Kernel Conditional Moment Test via Maximum Moment Restriction
This work addresses a fundamental issue in econometrics and statistics for researchers and practitioners, offering a new testing framework with computational advantages.
The authors tackled the problem of specification testing for conditional moment restrictions by proposing kernel conditional moment (KCM) tests, which transform these restrictions into unconditional ones using a novel conditional moment embedding in an RKHS, resulting in a test statistic with analytic expressions and closed-form asymptotic distributions that show promising finite-sample performance.

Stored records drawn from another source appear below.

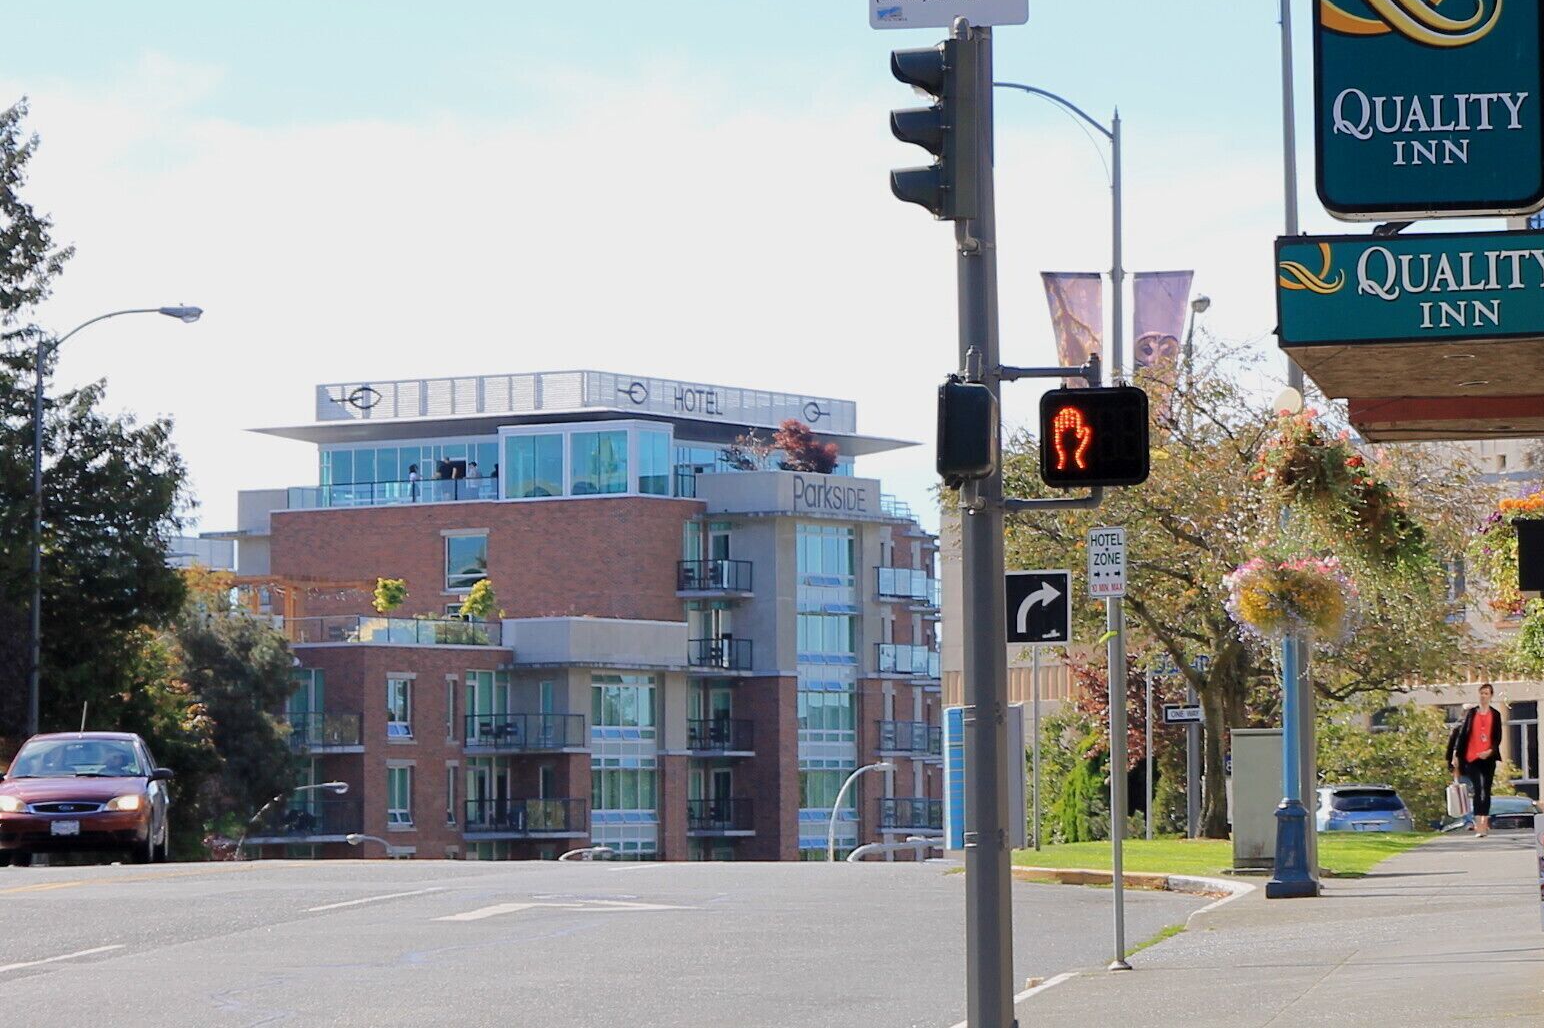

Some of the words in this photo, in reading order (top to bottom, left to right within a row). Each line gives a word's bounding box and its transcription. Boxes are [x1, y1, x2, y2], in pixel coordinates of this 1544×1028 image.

[1333, 87, 1529, 140] QUALITY
[1393, 139, 1470, 165] INN
[1420, 299, 1501, 328] INN
[673, 386, 723, 415] HOTEL
[1090, 533, 1123, 546] HOTEL
[1093, 552, 1121, 566] ZONE

We propose a new family of specification tests called kernel conditional moment (KCM) tests. Our tests are built on a novel representation of conditional moment restrictions in a reproducing kernel Hilbert space (RKHS) called conditional moment embedding (CMME). After transforming the conditional moment restrictions into a continuum of unconditional counterparts, the test statistic is defined as the maximum moment restriction (MMR) within the unit ball of the RKHS. We show that the MMR not only fully characterizes the original conditional moment restrictions, leading to consistency in both hypothesis testing and parameter estimation, but also has an analytic expression that is easy to compute as well as closed-form asymptotic distributions. Our empirical studies show that the KCM test has a promising finite-sample performance compared to existing tests.